ESOT 2013: LATE-BREAKING SESSION: Preserving renal function with prolonged-release tacrolimus-based immunosuppression in de novo liver transplantation: initial results from the DIAMOND study

by Pavel Trunečka, Prague, Czech Republic – Starting on a low dose of prolonged-release, once-daily tacrolimus after liver transplantation achieved better renal function and a significantly lower risk of acute rejection over 24 weeks than starting on a standard dose of once-daily tacrolimus, either immediately post-transplant or after a five-day delay. Dr Pavel Trunečka from Prague in the Czech Republic presented the results of the Advagraf Studied In Combination with Mycophenolate Mofetil and Basiliximab in Liver Transplantation (DIAMOND) study.

The aim of the DIAMOND study was to investigate whether the superior clinical benefit with once-daily tacrolimus observed in the RESPECT study was due to either the delayed initiation or the lower tacrolimus exposure. A total of 893 liver transplant recipients where included in the study and received either standard-dose once-daily tacrolimus (Arm 1), low-dose once-daily tacrolimus plus basiliximab (Arm 2), or standard-dose once-daily tacrolimus from Day 5 post-transplant plus basiliximab. The primary endpoint was renal function as assessed by the estimated glomerular filtration rate (eGFR) at Week 24.

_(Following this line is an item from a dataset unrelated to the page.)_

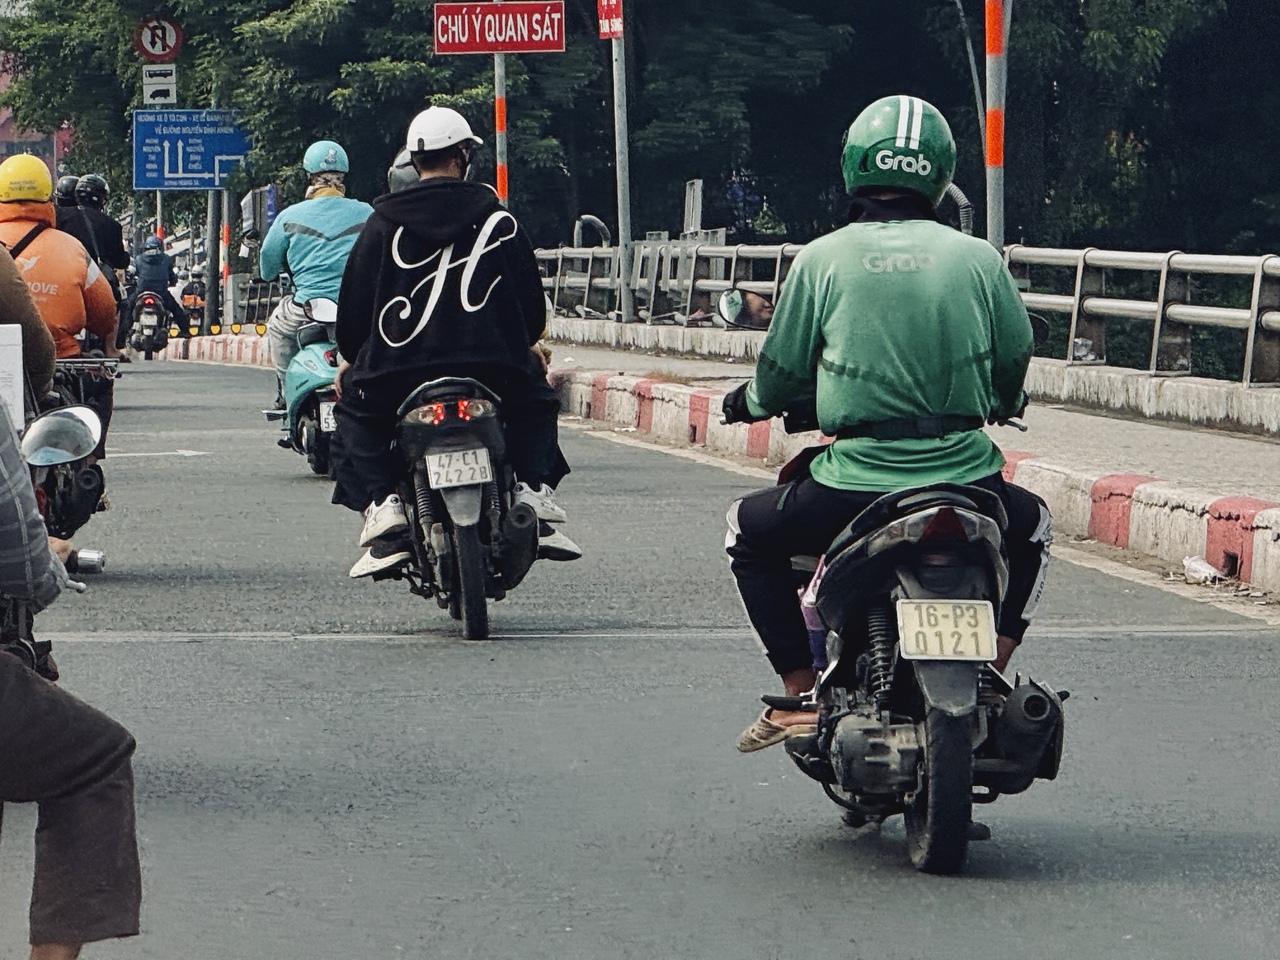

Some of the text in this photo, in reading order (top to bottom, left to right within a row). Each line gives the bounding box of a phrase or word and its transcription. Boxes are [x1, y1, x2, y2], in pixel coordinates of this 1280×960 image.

At Week 24, patients in Arms 2 and 3 had significantly higher eGFR rates compared with Arm 1 (76.4 and 73.3 vs 67.4mL/min/1.73m²; p<0.001 and p<0.047, respectively). Renal function was preserved in all treatment arms. No significant differences were noted between the treatment arms with respect to graft or patient survival. A significantly greater proportion of patients in Arm 2 did not experience AR, compared with the other two arms (79.9%, 85.7% and 79.6% (Arm 2 vs 1: p=0.0249, Arm 2 vs 3: p=0.0192). Dr Trunečka concluded that whilst a low initial dose of once-daily tacrolimus achieves better renal function and lower AR rate than a standard dose initiated either immediately post-transplant or after a five-day delay, there is no advantage with delaying the initiation of standard-dose tacrolimus.